Calls for help up at Mobile Crisis
As pandemic restrictions lift, more people are reaching out
With COVID-19 pandemic restrictions lifting, more people are reaching out to Saskatoon’s Mobile Crisis service.
Some of the issues people had “put on the shelf” are bubbling to the surface and people are reaching out, said Rita Field, the executive director of the Saskatoon Crisis Intervention Service, which oversees Mobile Crisis in the city.
“People who wouldn’t ordinarily need to reach out, needed to,” Field said. When a cascade of restrictions and closures started to take effect due to provincial public health orders meant to contain the pandemic, calls to Mobile Crisis went up. Field said people needed a lot of support and information and staff were hearing from people who were stressed, in distress and experiencing anxiety.
As the isolation wore on, Field said things began to settle down for a while. But with the typical summer increase in calls coupled with people trying to return to as much of their pre-pandemic lives as they can as restrictions ease, Field says things are busy again.
She says some of the increased call volume is likely due to people who held off on seeking help at the height of the restrictions. Other callers may have pre-existing conditions that were exacerbated by the “global stress” of the pandemic and feelings of loss of their old way of life.
Mobile Crisis has between two and seven staff available 24 hours a day, every day of the year.

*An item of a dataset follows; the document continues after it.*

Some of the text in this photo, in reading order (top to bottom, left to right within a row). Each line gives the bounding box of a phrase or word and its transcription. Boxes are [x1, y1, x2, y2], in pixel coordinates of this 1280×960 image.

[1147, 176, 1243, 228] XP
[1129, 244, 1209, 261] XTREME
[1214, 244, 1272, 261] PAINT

“We’re doing the best with the resources we have and we’re responding to up to 30,000 calls a year,” Field said. A quarter of the time, they see people face-to-face.
Mobile Crisis and the Saskatoon Crisis Intervention Service was founded in 1980 to add a “softer” response to the emergency continuum — which consists of police, the fire department and paramedics — and a generalist crisis service, Field explained.

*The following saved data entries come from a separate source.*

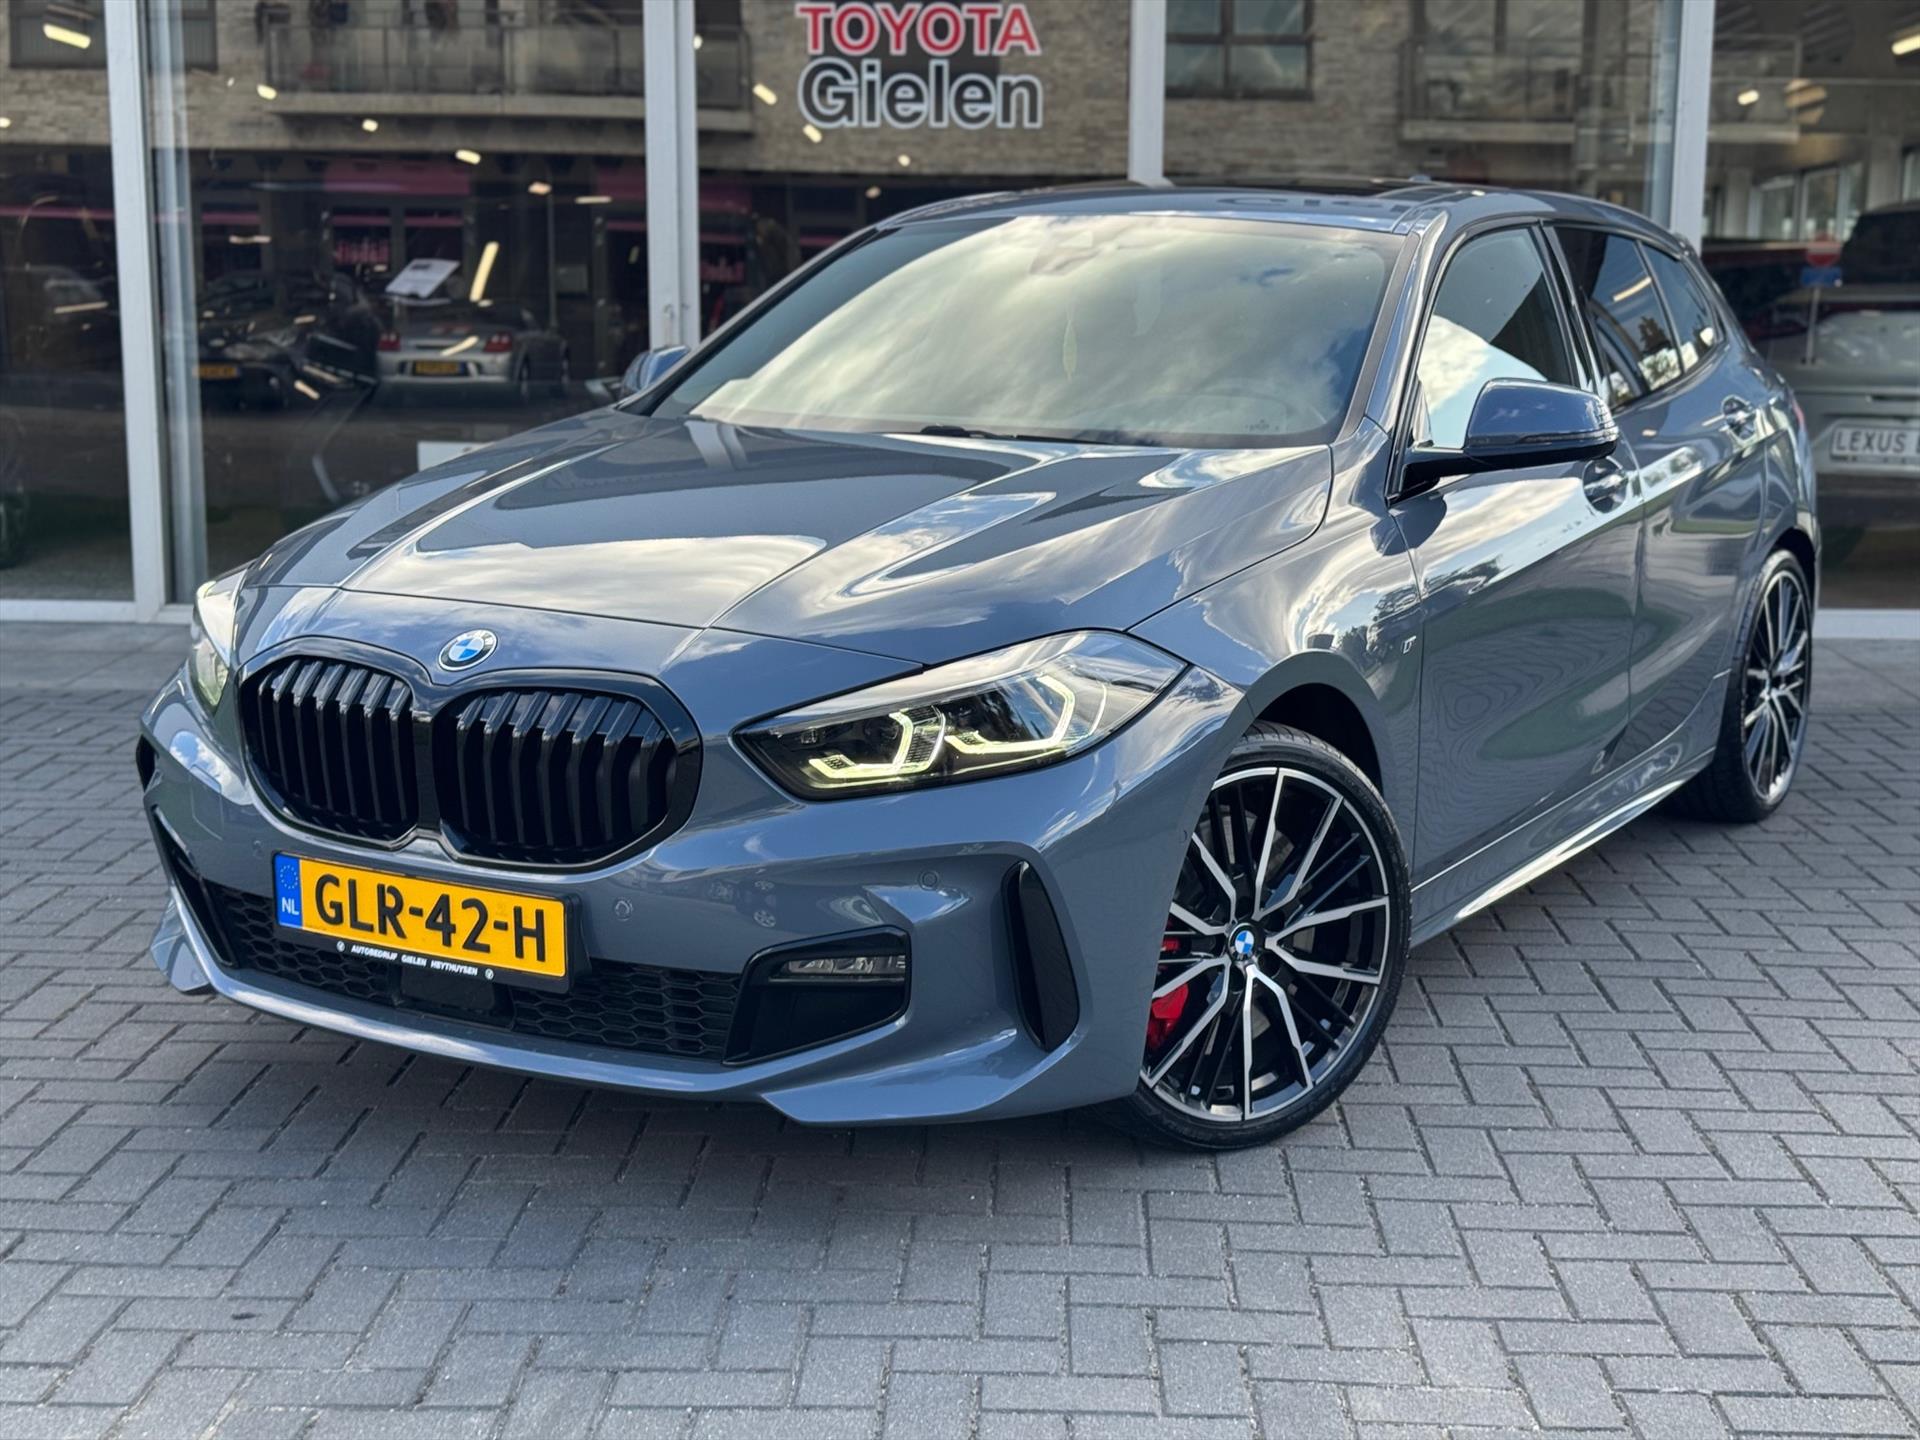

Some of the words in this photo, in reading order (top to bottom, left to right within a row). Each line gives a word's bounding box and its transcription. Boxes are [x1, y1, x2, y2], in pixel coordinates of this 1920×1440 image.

[796, 3, 1042, 55] TOYOTA
[798, 56, 1043, 129] Gielen
[1835, 430, 1907, 454] LEXUS
[281, 897, 299, 916] NL
[315, 873, 546, 962] GLR-42-H
[350, 944, 398, 961] AUTOBEDRIJF
[401, 954, 427, 968] GIELEN
[430, 960, 478, 977] HEYTHUYSEN

The SCIS and city police, along with the Saskatchewan Health Authority, have been partners on the Police and Crisis Team unit, which consists of one police officer and one crisis worker, who are dispatched to mental health and addictions-related 911 calls.
According to the annual report of the Saskatoon police Vulnerable Person Unit, released earlier this year, PACT had 692 new referrals, 610 of which were related to mental health and/or suicide risk in 2019.

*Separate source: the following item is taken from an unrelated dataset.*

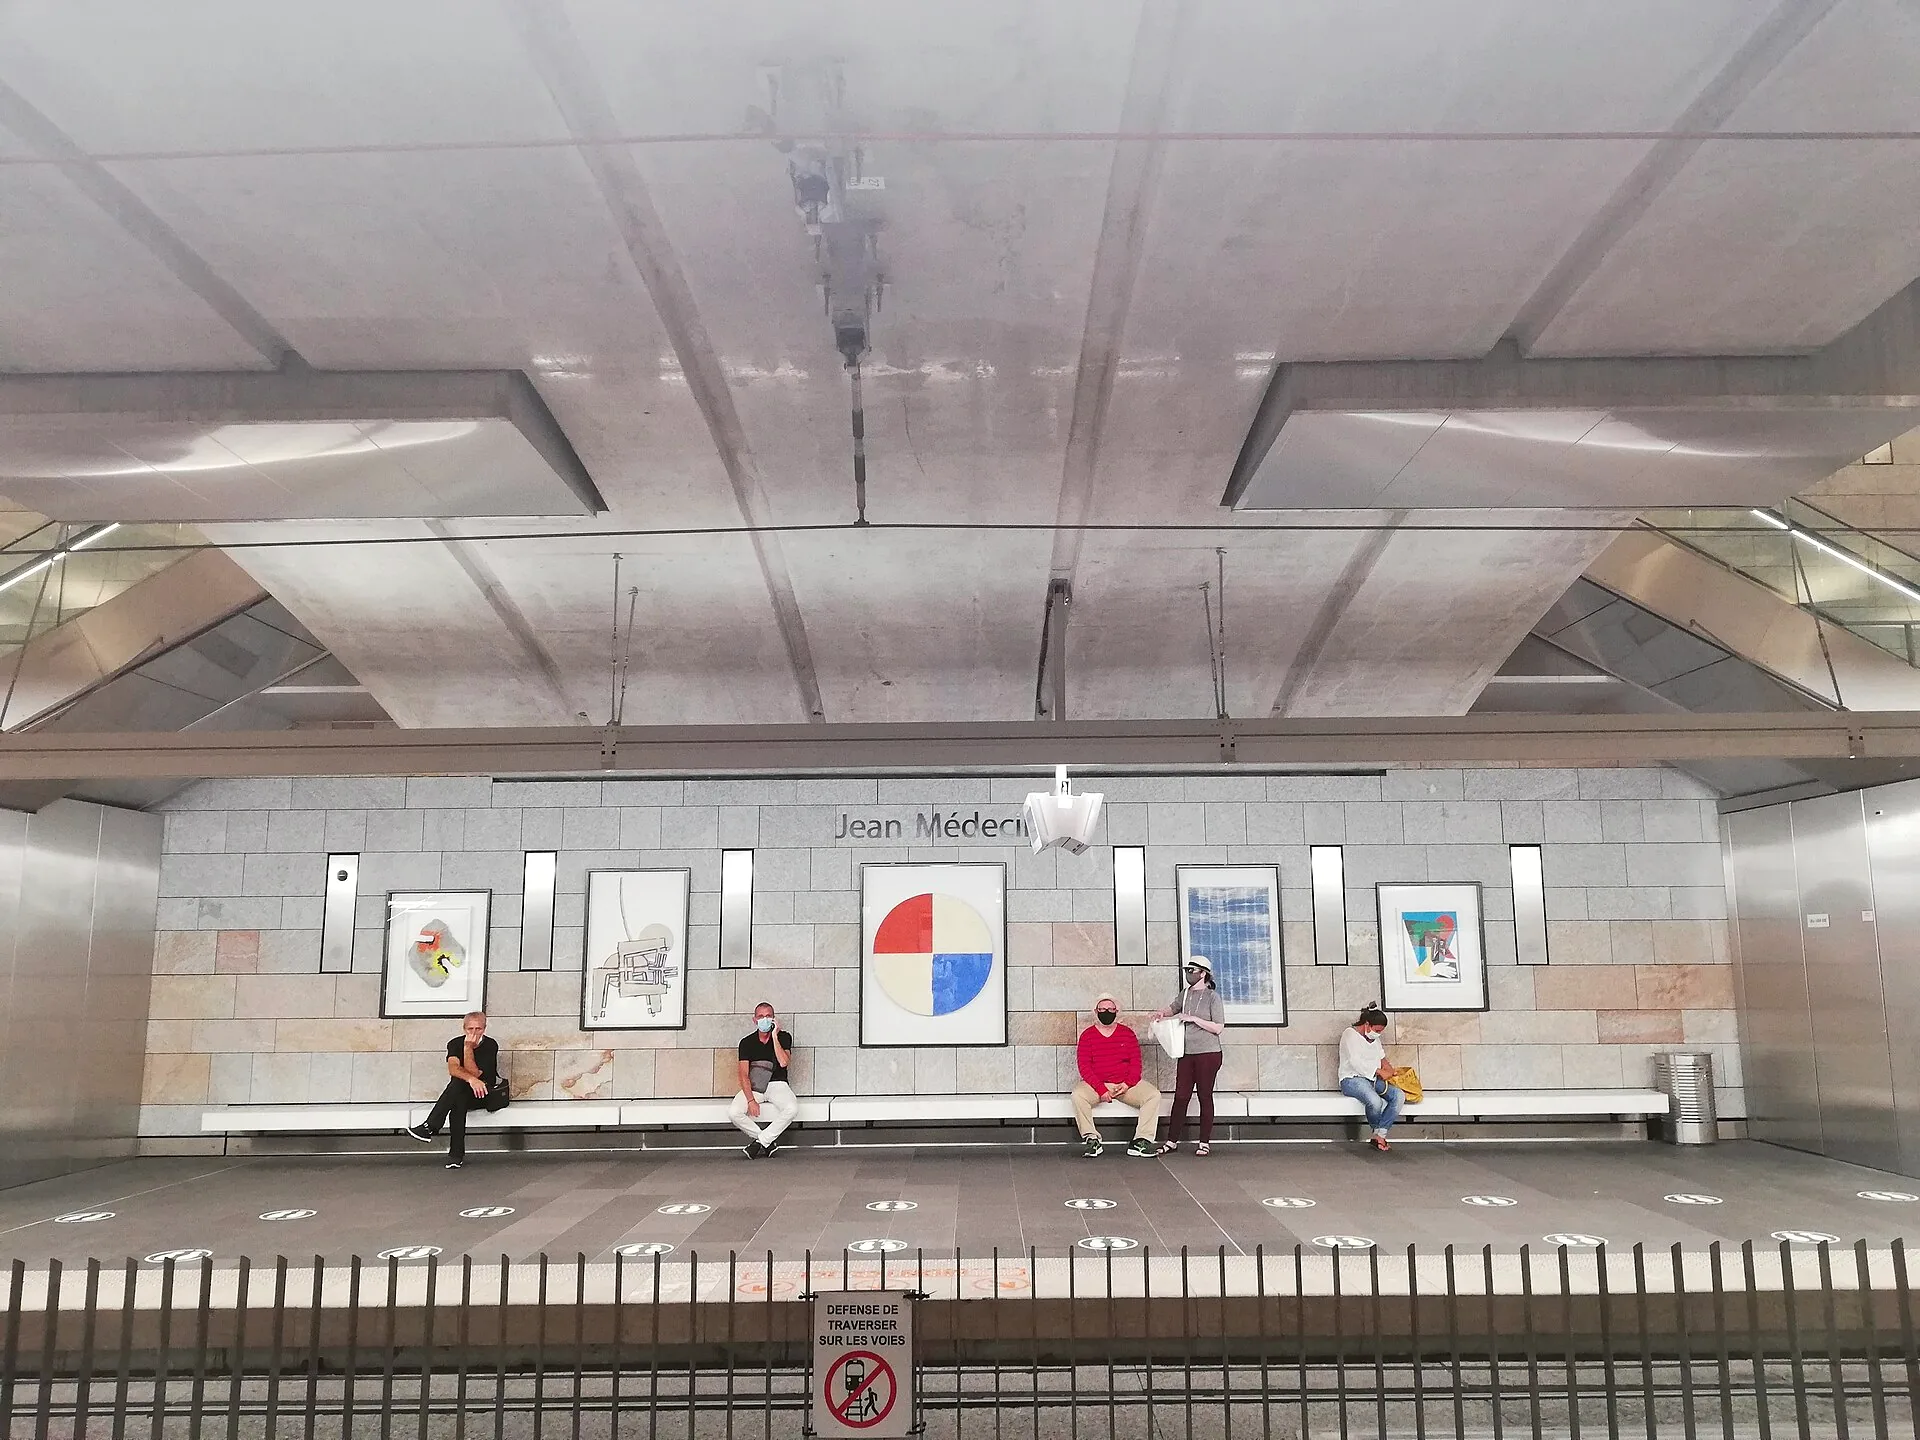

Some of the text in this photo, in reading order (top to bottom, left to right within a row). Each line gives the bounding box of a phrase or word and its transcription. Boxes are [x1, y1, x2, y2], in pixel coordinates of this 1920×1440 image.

[835, 813, 902, 839] Jean
[827, 1304, 899, 1315] DEFENSE DE
[828, 1320, 898, 1331] TRAVERSER
[819, 1335, 906, 1346] SUR LES VOIES

The unit’s aim is to divert people from emergency rooms and police detention cells. Last year, it diverted 143 people from emergency departments and 15 people who otherwise would have been arrested.
But PACT is only available 10 hours a day with the current coverage that is available, and Field said the message is out there that they could use another PACT team to provide more coverage. Both PACT and Mobile Crisis programs depend on government funding.
“We are under-resourced for the demand and the complexity of the demand that’s coming in our direction right now,” Field said.
The Starphoenix has contacted the Ministry of Health for comment, but one was not immediately provided.